Data synthesis and analysis
We obtained pooled and adjusted ORs with 95% CI estimates of GDM for
the exposure and control groups using the DerSimonian and Laird
random-effects method. We calculated the absolute risk difference for
GDM between the exposure and control groups in low- (control group: GDM
risk was assumed to be 2.0%), moderate- (10%), and high- (20%)
prevalence groups, using the pooled odds ratios (OR) and 95% confidence
intervals (CIs).
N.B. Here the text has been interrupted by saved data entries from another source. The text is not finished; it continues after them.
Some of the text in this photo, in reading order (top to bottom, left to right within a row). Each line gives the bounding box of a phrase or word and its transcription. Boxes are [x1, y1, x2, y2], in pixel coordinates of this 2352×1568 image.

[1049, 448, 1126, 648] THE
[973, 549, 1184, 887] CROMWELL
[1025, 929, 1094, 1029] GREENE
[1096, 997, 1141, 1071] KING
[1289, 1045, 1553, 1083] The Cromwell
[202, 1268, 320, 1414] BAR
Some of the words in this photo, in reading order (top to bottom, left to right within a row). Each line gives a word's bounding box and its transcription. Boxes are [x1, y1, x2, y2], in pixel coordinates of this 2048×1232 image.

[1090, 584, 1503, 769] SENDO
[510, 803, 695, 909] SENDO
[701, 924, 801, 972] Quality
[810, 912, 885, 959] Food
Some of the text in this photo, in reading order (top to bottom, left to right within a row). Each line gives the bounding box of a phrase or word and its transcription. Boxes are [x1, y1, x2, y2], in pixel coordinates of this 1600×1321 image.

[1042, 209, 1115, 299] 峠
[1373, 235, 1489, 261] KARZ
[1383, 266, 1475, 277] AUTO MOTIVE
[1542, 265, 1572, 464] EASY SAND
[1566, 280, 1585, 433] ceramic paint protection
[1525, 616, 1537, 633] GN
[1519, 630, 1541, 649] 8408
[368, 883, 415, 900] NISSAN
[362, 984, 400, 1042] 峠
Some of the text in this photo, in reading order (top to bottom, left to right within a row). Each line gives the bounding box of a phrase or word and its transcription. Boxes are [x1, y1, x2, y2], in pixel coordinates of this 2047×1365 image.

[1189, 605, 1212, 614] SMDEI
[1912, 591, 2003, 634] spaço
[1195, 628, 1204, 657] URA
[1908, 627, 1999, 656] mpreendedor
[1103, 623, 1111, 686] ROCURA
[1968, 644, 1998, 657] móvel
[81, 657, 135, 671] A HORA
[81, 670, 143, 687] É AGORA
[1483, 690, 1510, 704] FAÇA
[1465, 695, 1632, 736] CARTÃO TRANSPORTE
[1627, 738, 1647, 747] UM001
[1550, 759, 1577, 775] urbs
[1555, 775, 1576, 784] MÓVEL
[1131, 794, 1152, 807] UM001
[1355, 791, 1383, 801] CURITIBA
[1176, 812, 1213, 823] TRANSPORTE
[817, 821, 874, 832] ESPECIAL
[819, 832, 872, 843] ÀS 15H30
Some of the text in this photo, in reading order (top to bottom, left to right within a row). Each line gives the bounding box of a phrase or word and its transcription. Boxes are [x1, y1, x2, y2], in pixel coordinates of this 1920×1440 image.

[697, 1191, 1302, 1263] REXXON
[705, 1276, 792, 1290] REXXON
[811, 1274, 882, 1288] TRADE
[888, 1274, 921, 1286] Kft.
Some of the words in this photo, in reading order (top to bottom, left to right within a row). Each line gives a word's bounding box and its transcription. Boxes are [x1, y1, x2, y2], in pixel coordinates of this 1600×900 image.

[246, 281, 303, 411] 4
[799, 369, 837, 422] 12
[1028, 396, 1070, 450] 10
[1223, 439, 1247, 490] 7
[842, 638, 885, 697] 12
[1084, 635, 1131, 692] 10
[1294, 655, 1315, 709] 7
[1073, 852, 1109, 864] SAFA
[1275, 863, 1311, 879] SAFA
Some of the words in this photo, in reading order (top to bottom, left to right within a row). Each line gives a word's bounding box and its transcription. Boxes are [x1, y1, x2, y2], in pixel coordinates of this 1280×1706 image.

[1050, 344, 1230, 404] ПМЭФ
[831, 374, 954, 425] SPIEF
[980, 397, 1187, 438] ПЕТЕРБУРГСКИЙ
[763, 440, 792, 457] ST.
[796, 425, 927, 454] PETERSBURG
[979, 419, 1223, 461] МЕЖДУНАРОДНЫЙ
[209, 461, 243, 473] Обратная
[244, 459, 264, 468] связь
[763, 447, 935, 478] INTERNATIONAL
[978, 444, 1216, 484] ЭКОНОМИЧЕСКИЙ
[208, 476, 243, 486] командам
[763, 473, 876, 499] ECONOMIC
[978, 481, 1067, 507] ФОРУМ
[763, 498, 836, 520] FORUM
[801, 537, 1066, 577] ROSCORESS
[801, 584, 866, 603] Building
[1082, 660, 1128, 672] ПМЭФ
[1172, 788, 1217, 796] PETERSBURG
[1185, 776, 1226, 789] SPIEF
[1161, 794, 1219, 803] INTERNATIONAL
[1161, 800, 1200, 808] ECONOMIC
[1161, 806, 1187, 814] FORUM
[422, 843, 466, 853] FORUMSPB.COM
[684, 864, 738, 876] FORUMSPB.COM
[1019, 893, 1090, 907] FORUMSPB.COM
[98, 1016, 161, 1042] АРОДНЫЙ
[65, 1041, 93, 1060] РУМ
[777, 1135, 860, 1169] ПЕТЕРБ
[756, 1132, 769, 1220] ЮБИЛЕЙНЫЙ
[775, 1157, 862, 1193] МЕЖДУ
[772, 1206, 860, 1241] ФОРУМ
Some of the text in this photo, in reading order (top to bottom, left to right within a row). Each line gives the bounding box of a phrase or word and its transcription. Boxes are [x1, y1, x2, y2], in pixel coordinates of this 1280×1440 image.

This assumption was made based on a previous report and
our clinical expertise 40.
Publication bias was assessed
qualitatively by visual inspection of the funnel plot and quantitatively
by Egger’s test 41. Where asymmetry was
observed in the funnel plot, we investigated the likely source of this
asymmetry using the contour-enhanced funnel plot.
We evaluated between-study heterogeneity visually, using forest plots,
and quantitatively, using I 2 and
τ2 statistics. We used the Cochrane chi-square test to
calculate I 2 and τ2statistics. We performed a pre-specified subgroup analysis based on
types of exposure (preterm birth, LBW, or SGA). In pre-specified
sensitivity analyses, we used crude ORs instead of adjusted ORs and
excluded studies using non-standard definitions of GDM. Some studies
assessed the risk of GDM among women born with a weight
>4000 g (macrosomia); these studies were excluded from
post-hoc sensitivity analysis, as a previous review has shown a U-shaped
association between mother’s birth weight and GDM risk20.
All analyses were performed using STATA 14.2 (StataCorp LP, Texas) and
RevMan 5.4 (Cochrane Collaboration, UK). Two-sided p- values
<0.05 were considered indicative of statistical significance.